Fellow camper Emily Naumburg, a 12-year-old in her third year at Camp Glencoe, agrees. "I want to learn and I like to keep up my pace of learning. Sometimes in the middle of camp I get tired of the work but I just tell myself: `I'm learning, I'm learning, I'm learning.' "

For children at these three camps, maintaining academic skills during the summer months is especially important. Most are dyslexic, and all of them find reading and writing to be a challenge. If they take a long break from academics, their return to school in the fall may be particularly difficult.

"Repetition is so important for children with dyslexia that if they stop they really do lose a lot," says Amanda Doud, director of TopSide Summer Program, a six-week day camp in Roland Park for children ages 6 to 13 sponsored by the Odyssey School.

"Summer is the best time to work with dyslexic students," adds Mark Westervelt, 48, founder and former director of Camp Glencoe, sponsored by the Jemicy School. Jemicy also sponsors Camp Jemicy, a day camp for children ages 6 to 9, held at the school's Owings Mills campus.

"When you can work in isolation on a child's areas of need -- reading, writing, spelling -- the gains are remarkably quicker and more successful," Westervelt says. "If the summer is used properly, children's skills will blossom."

Nationwide, about 20 specialty camps offer dyslexic children the multisensory tutoring they need to become competent readers and writers. In addition to typical camp recreational fare -- swimming, hiking, tubing and indoor rock climbing -- campers also receive daily individual or small group tutoring in reading, writing and spelling as well as comprehension and math, if needed.

Affiliated with private schools for dyslexic children, the local camps range in price from $1,500 to $4,300 for half-day, all-day and overnight programs. Enrollment is limited and the number of applicants often exceeds openings. Parents may contact Jemicy or Odyssey Schools as early as January about next summer's camps. Limited scholarships may be available.

For some of the children, summer camp is a continuation of the specialized teaching they receive during the year.

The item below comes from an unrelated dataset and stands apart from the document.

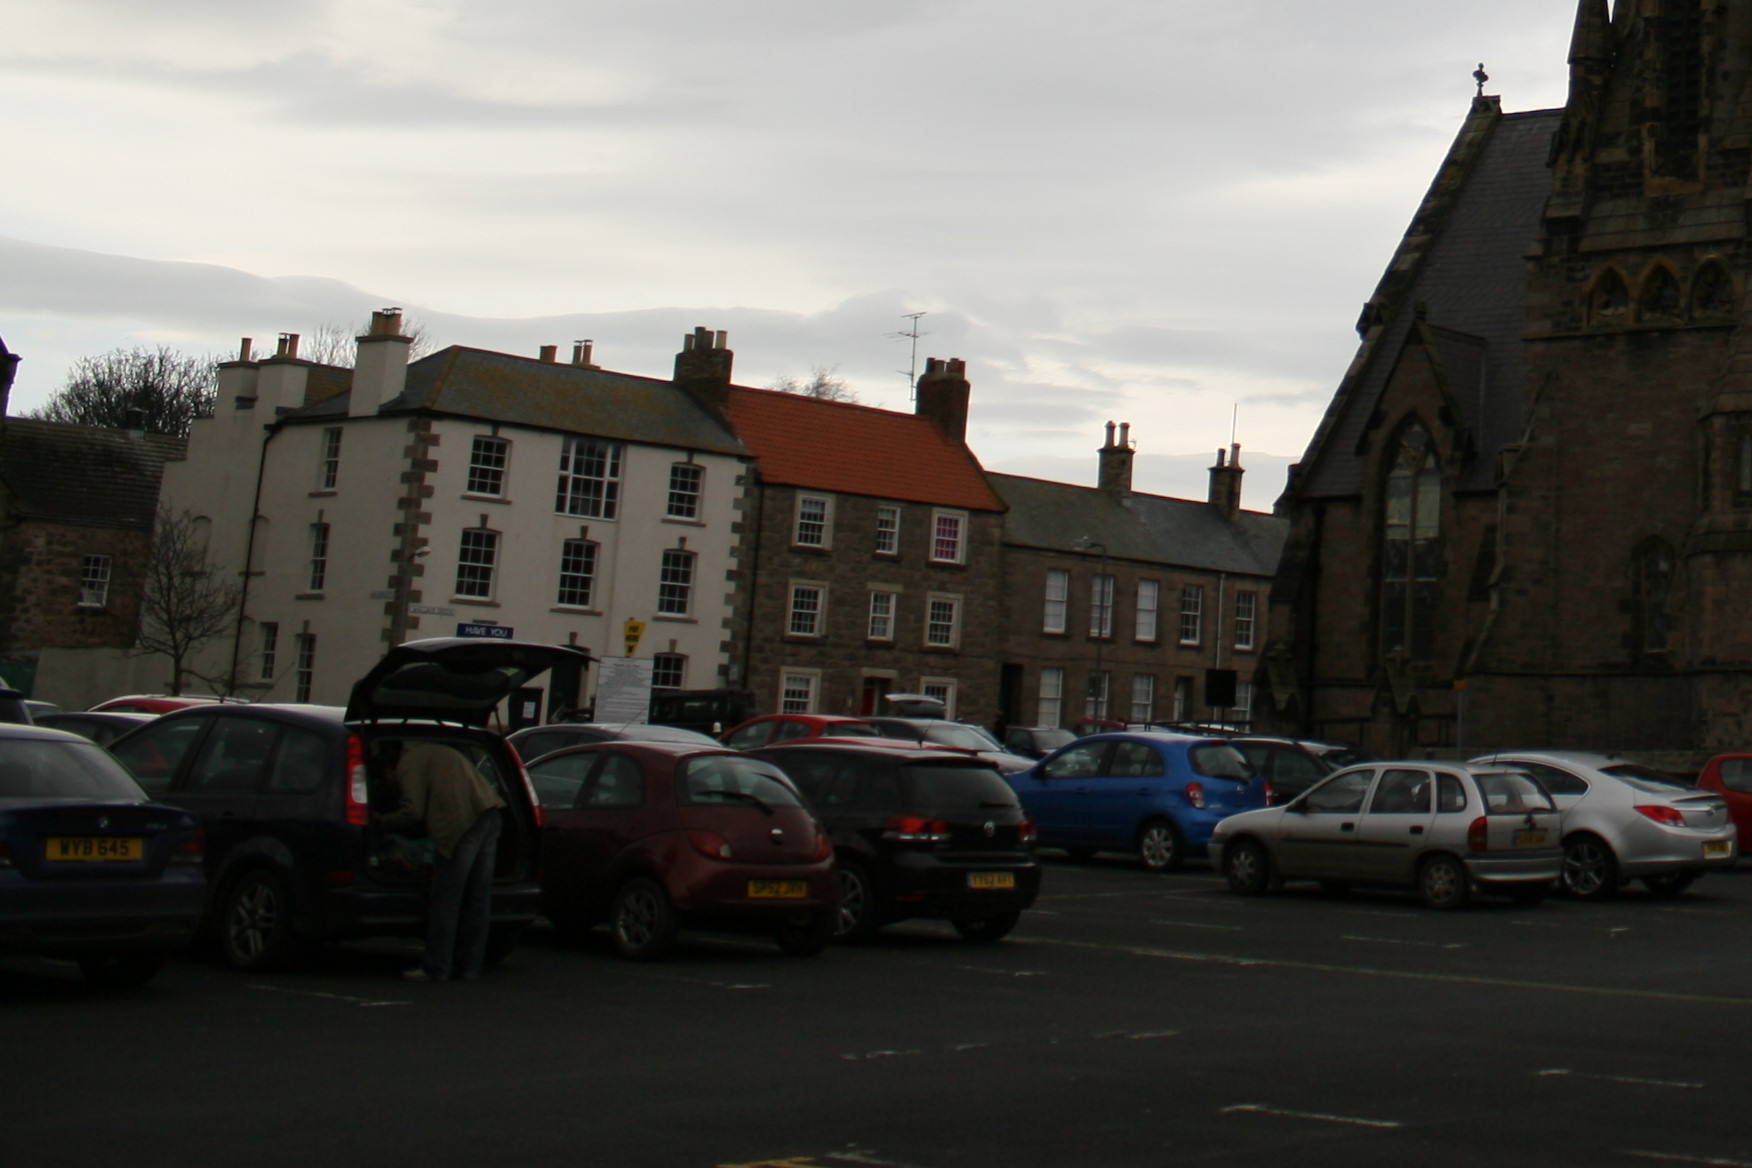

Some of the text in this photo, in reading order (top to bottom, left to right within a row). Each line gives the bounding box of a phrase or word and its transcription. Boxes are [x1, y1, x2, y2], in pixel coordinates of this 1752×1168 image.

[464, 625, 508, 638] HAVE YOU
[60, 839, 130, 856] WYB 645

For many others who are unable to attend these schools because of full enrollment or financial reasons, the camps offer intensive tutoring that will help them during the year at a traditional school.

"Summer camp is maintenance for the children," Westervelt says. "It's a very concentrated inoculation of skills, a dose of what is needed to understand the printed language."

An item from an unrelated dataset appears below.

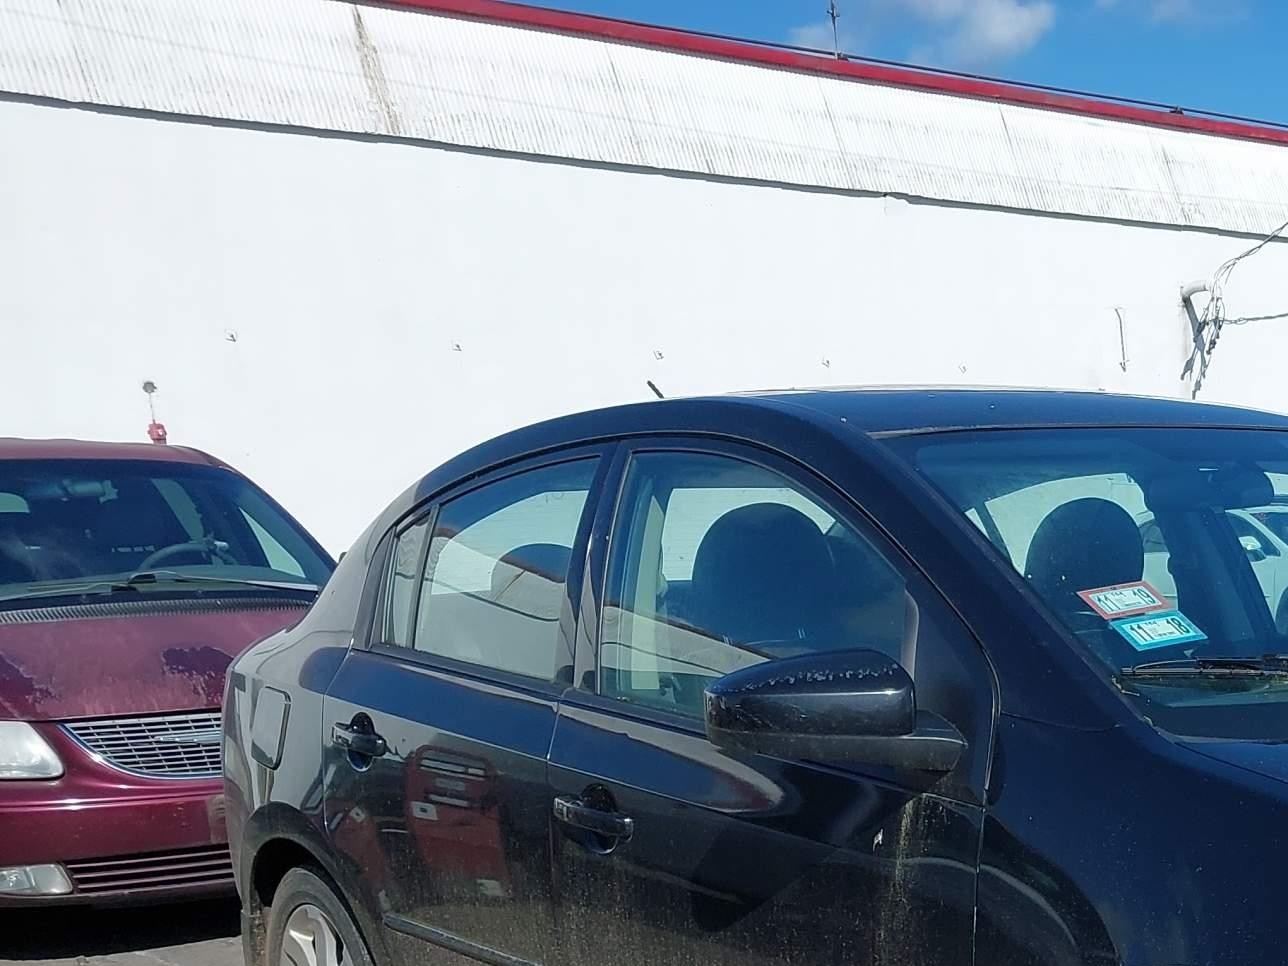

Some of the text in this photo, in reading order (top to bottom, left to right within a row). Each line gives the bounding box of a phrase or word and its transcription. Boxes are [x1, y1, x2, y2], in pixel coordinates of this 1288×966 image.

[1132, 588, 1156, 605] 19
[1129, 617, 1190, 642] 11 18

In addition to the academic gains, the summer camps also provide a much-needed boost to self-esteem, says Sam Merrick, camp director at Camp Glencoe.

"We really try to hit on the positive," Merrick says. "We make a full-out effort to boost their self-esteem through cooperative games and activities and to recognize their strengths in academics, art, sports and creativity."

Self-esteem building is important at all of the camps, Westervelt says.

"The children know they're bright but they can't keep up," Westervelt says. "When they come together in a group for the summer they begin to recognize their talents. They realize that they are very capable students and with that they're so much more available for learning."

Westervelt's 13-year-old daughter, Sarah, who has attended Camp Glencoe, said:

"Going to camp makes you feel better about yourself. You can read better and you don't feel embarrassed about public reading. Camp helps you pronounce words and get your confidence up."

Mark Westervelt has been involved in summer camps for dyslexic children much of his life. He has worked as a counselor and tutor, and as a child he was a camper at the first summer camp to offer specialized tutoring for dyslexic children -- Camp Mansfield in Underhill Center, Vt.

His grandmother, Helene C. Durbrow, started the camp in 1946. A pioneer in developing teaching strategies for dyslexic children, Durbrow died in May at age 98. Camp Mansfield, which closed in 1962, was a nationwide model for camps for dyslexic children.